*** Opening of Input material ***

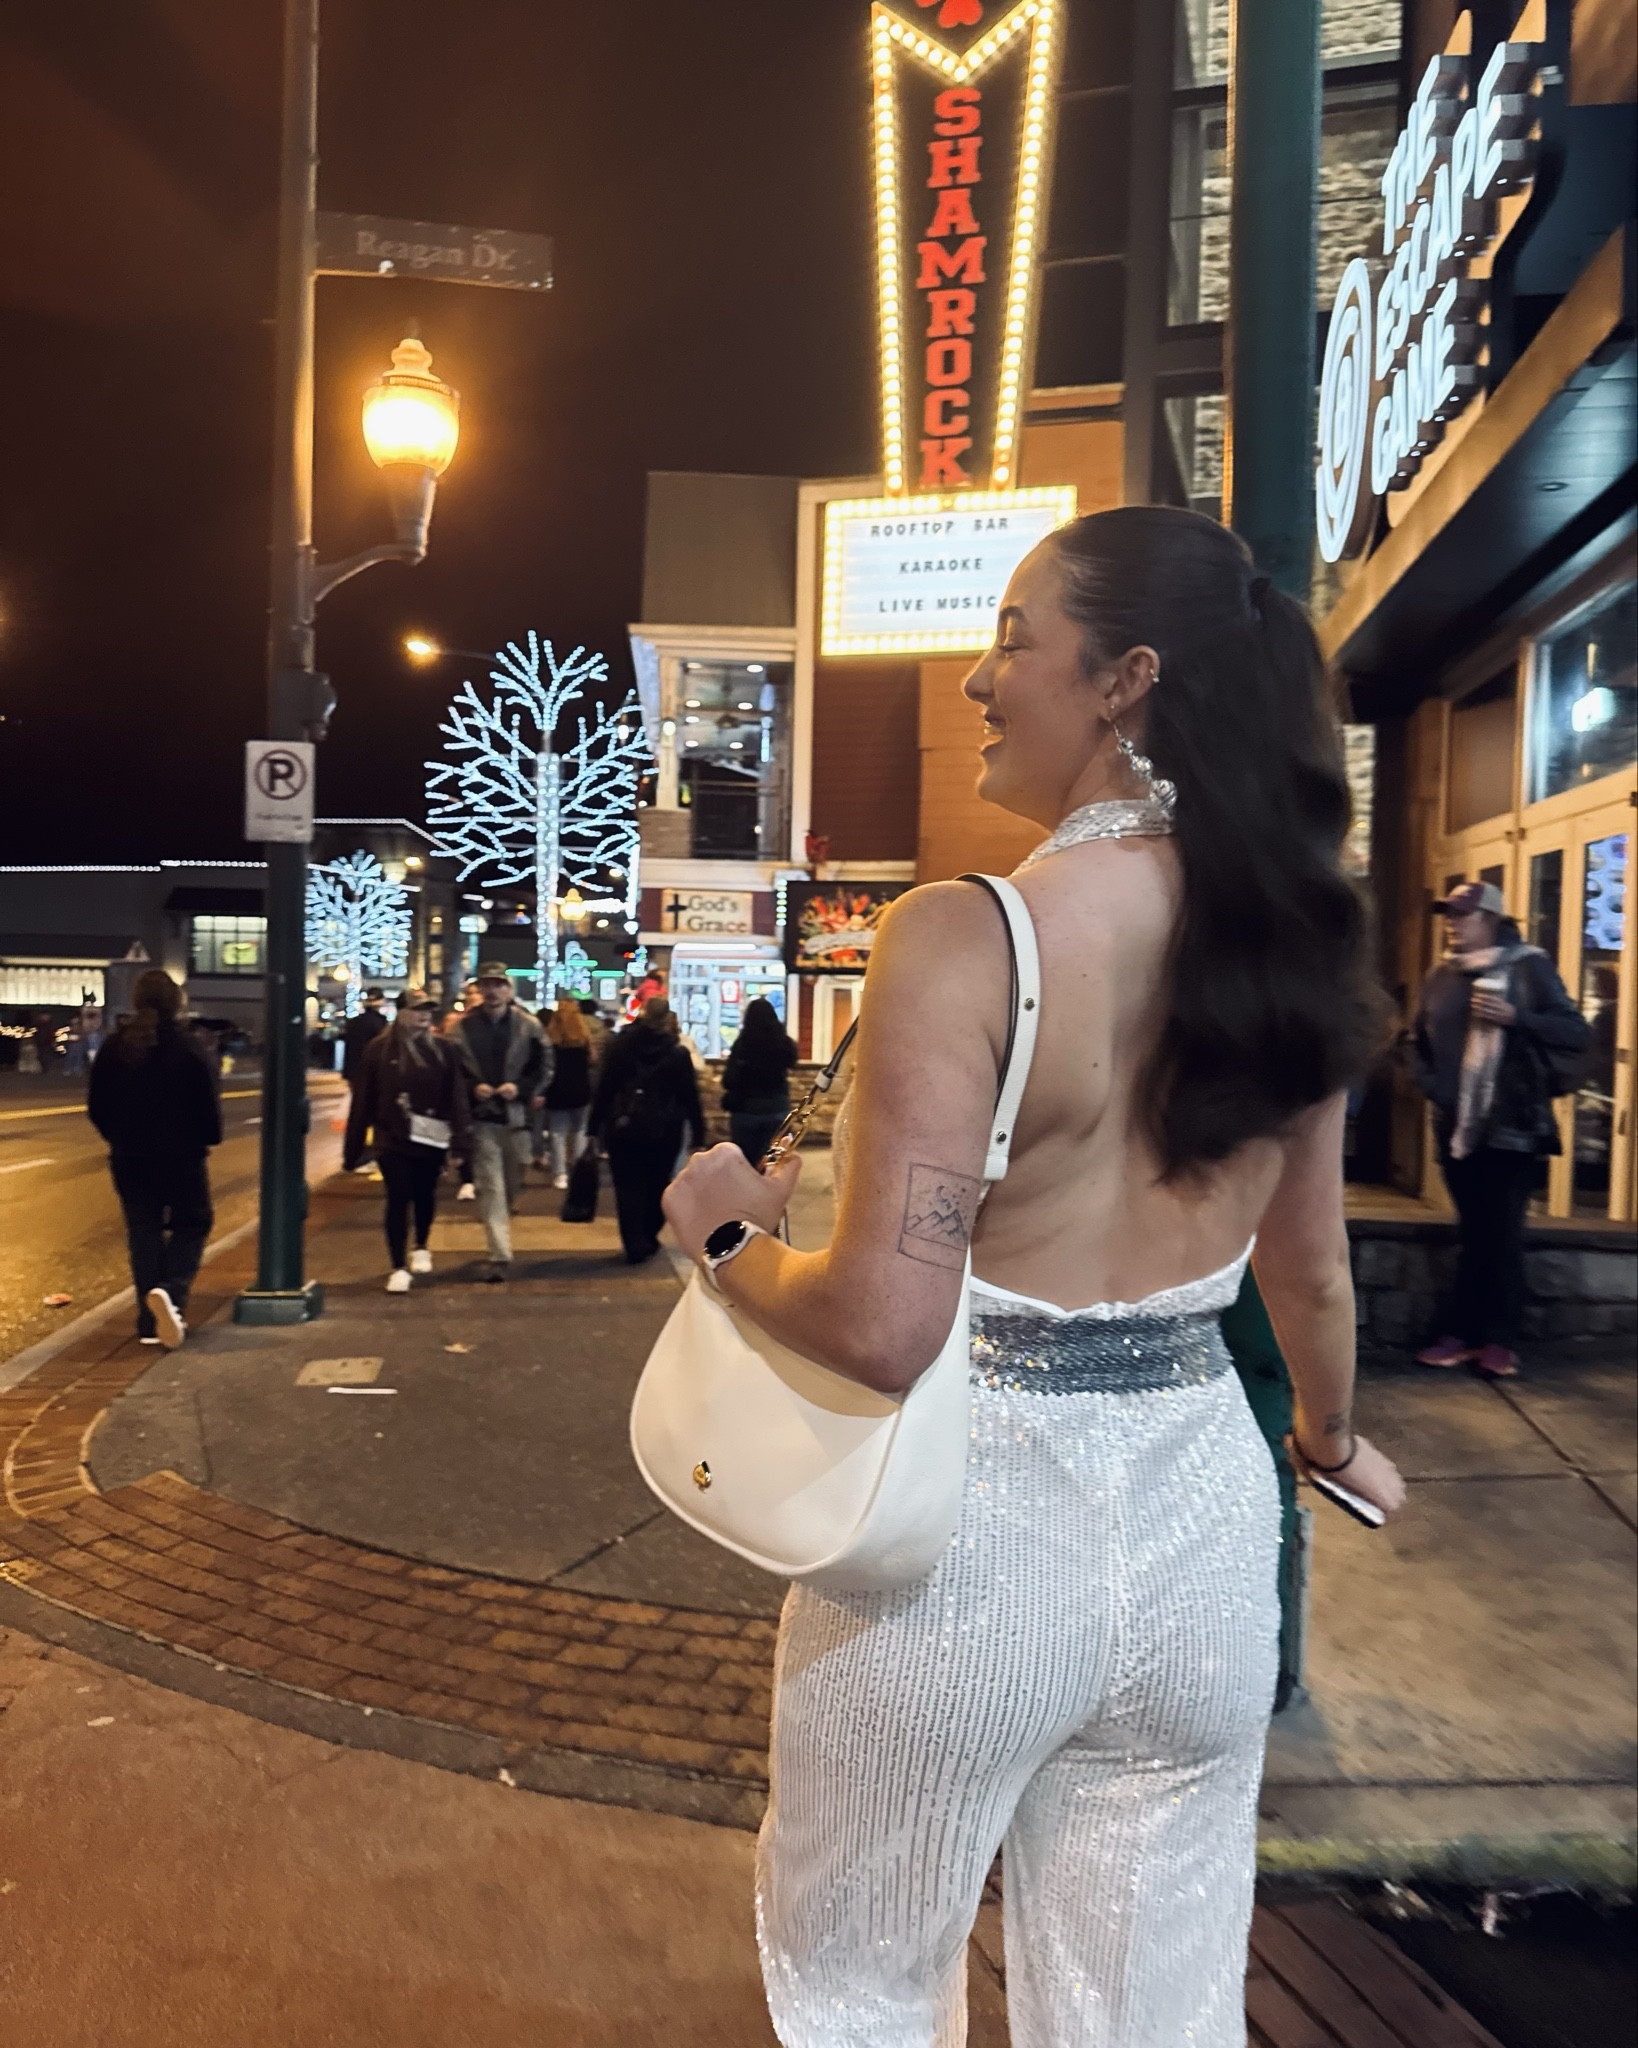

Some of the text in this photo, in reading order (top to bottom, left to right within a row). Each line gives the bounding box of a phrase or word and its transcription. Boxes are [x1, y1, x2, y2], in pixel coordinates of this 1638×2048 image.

[1382, 54, 1440, 255] THE
[1375, 42, 1506, 381] ESCAPE
[356, 229, 463, 269] Reagan
[917, 87, 987, 488] SHAMROCK
[1371, 277, 1457, 495] GAME
[871, 517, 1009, 537] ROOFTOP BAR
[899, 558, 983, 574] KARAOKE
[879, 595, 998, 613] LIVE MUSIC
[688, 894, 738, 913] God's
[687, 915, 748, 933] Grace

*** Close of Input material ***

> _Exercise_
Pictures are to be left out when the entries above are repeated exactly.

> _Result_
Some of the text in this photo, in reading order (top to bottom, left to right within a row). Each line gives the bounding box of a phrase or word and its transcription. Boxes are [x1, y1, x2, y2], in pixel coordinates of this 1638×2048 image.

[1382, 54, 1440, 255] THE
[1375, 42, 1506, 381] ESCAPE
[356, 229, 463, 269] Reagan
[917, 87, 987, 488] SHAMROCK
[1371, 277, 1457, 495] GAME
[871, 517, 1009, 537] ROOFTOP BAR
[899, 558, 983, 574] KARAOKE
[879, 595, 998, 613] LIVE MUSIC
[688, 894, 738, 913] God's
[687, 915, 748, 933] Grace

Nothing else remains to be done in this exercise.